OP - Que elementos a senhora acredita serem necessários
para que qualquer cidade se torne uma cidade de leitores? Jane - A única
possibilidade de se ter uma cidade leitora é criando políticas e ações de
leitura e investindo fortemente na formação do leitor. Nosso início, pode ser
uma pergunta simples: quem forma o leitor? A família diz que a responsabilidade
é toda da Escola; a Escola, por sua vez, diz que a criança deve trazer o
hábito/gosto pela leitura de casa. Como é que forma a família, se a família,
cada vez mais empobrecida, não lê? Como é que forma a Escola, se o Ensino
tecnicista das últimas décadas optou pela compartimentação das disciplinas
tirando, com isso, dos Alunos, a visão do todo, a capacidade crítica? Qual a
fórmula para se transmitir/despertar paixão por aquilo que não se conhece?

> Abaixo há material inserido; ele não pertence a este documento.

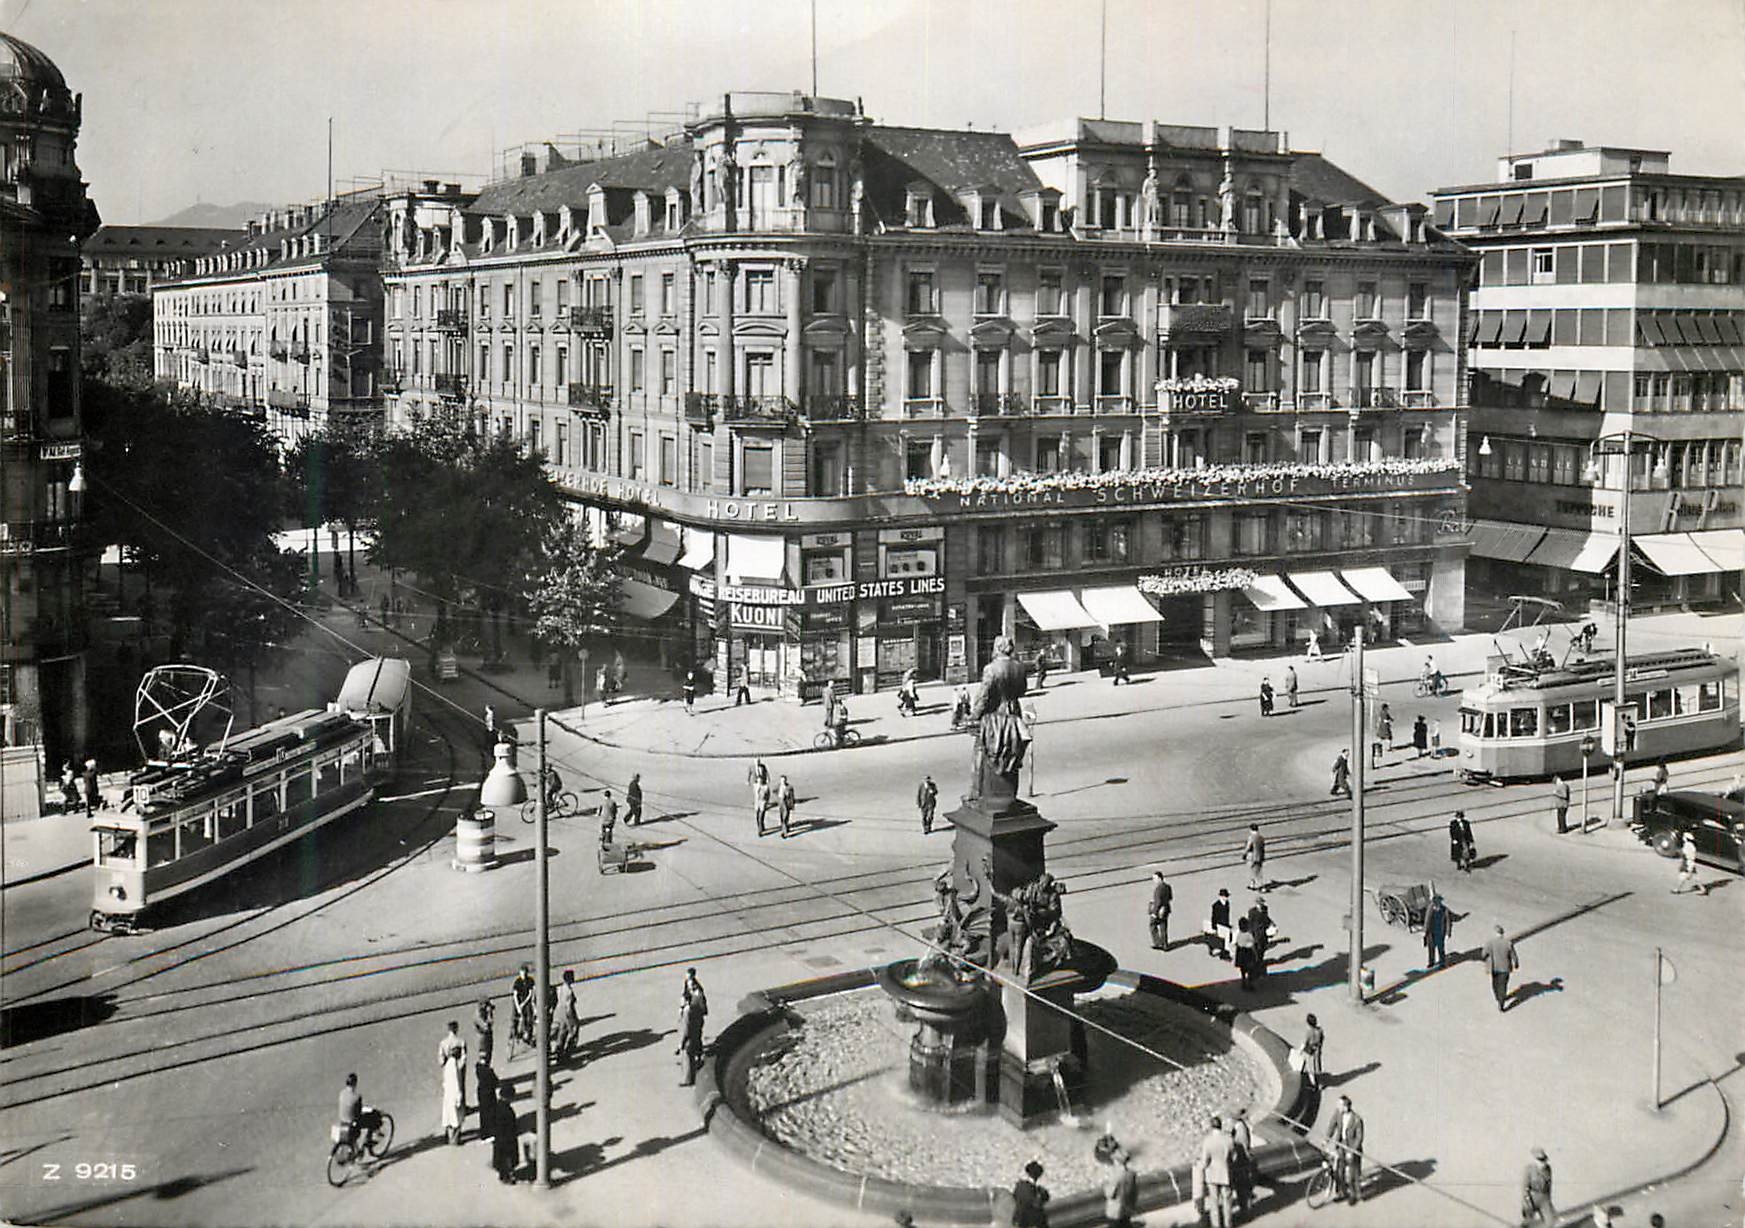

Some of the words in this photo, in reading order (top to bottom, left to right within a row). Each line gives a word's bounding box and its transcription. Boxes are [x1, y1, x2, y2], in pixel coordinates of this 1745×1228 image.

[1173, 394, 1228, 408] HOTEL
[960, 491, 1064, 506] NATIONAL
[1097, 478, 1299, 502] SCHWEIZERHOF
[1332, 474, 1414, 488] TERMINUS
[707, 500, 799, 521] HOTEL
[718, 586, 805, 605] REISEBUREAU
[816, 585, 856, 604] UNITED
[859, 580, 905, 599] STATES
[910, 577, 946, 595] LINES
[731, 602, 783, 626] KUONI
[135, 787, 148, 803] 10

E a cidade de Fortaleza com isso tudo? Nossa realidade não
é muito distinta em relação à média do Brasil, mas chega a ser mais crítica. A
fotografia de nossa cidade em relação ao IDH, Ideb ou a proporção de
Analfabetismo não é das mais bonitas. No ranking do IDH, em dados de 2008,
somos a 18ª capital com índices de 0,786, distinta de Florianópolis, na
terceira posição com 0,875. No caso do Ideb somos a 17ª capital no ranking com
4,2 do 1º ao 5º ano e de 3,5 do 6º ao 9º ano. Os dados são de 2011. Embora
tenhamos avançados bem nos últimos cinco anos, ainda estamos abaixo da média
nacional que é de 5,0 para os anos iniciais e mais distante ainda de Florianópolis
que assume a primeira posição nos anos iniciais com 6,0.

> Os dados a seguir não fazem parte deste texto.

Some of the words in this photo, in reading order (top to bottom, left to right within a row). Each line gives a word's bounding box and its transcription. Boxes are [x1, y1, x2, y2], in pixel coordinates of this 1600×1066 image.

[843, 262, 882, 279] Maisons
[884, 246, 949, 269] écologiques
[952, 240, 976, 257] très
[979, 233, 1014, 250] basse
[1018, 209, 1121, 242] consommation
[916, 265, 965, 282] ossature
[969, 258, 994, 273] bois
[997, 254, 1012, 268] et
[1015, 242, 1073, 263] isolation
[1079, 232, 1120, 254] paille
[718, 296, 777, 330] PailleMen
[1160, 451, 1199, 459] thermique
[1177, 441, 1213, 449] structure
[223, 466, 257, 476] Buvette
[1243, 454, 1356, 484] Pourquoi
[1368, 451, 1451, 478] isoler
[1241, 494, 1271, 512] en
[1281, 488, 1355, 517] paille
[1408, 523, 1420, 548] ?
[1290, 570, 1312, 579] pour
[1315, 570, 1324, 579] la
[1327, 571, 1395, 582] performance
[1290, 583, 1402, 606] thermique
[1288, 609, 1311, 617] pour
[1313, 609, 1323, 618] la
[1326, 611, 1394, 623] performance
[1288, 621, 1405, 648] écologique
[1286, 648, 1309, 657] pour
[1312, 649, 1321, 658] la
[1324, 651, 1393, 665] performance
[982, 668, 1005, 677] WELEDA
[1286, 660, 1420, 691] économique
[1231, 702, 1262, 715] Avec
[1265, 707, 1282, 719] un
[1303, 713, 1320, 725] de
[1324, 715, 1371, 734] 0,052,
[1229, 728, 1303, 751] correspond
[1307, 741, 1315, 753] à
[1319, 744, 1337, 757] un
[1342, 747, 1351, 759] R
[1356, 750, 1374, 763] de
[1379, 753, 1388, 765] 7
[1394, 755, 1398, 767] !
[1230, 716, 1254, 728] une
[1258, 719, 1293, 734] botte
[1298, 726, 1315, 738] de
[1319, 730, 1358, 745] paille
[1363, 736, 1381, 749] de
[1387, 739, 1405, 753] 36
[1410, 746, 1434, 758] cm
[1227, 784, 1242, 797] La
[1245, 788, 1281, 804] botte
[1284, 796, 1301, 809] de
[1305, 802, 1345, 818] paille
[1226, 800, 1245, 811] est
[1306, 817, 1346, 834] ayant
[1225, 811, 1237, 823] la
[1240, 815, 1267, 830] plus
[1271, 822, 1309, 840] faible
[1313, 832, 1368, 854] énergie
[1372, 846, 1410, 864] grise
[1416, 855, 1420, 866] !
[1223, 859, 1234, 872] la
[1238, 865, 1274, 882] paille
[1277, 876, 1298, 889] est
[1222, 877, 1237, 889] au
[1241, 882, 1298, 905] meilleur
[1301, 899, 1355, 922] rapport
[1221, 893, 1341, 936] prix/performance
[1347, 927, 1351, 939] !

Em se tratando dos quadros de Analfabetismo, Fortaleza é a
sétima capital com maior proporção de Analfabetos de 15 anos em diante, com uma
taxa de 6,9%, enquanto que a capital catarinense está no topo com apenas 1,9%
de Analfabetos nessa mesma faixa etária. E, agora, para borrar mais ainda a
nossa fotografia, ocupamos a última posição na pesquisa de hábito de leitura
realizada pelo Ibope Media em um ranking de nove capitais. Segundo esta
pesquisa, nossa média de leitura de livros é 27% de leitores. Ou seja, sete em
cada dez fortalezenses não leram um livro sequer nos últimos 30 dias. Pena que
Florianópolis não esteja contemplada nesta pesquisa de hábito de leitura. Minha
aposta é que ela superaria Porto Alegre (primeira com 41%), considerando seus
índices de IDH, Ideb e a proporção de Analfabetos.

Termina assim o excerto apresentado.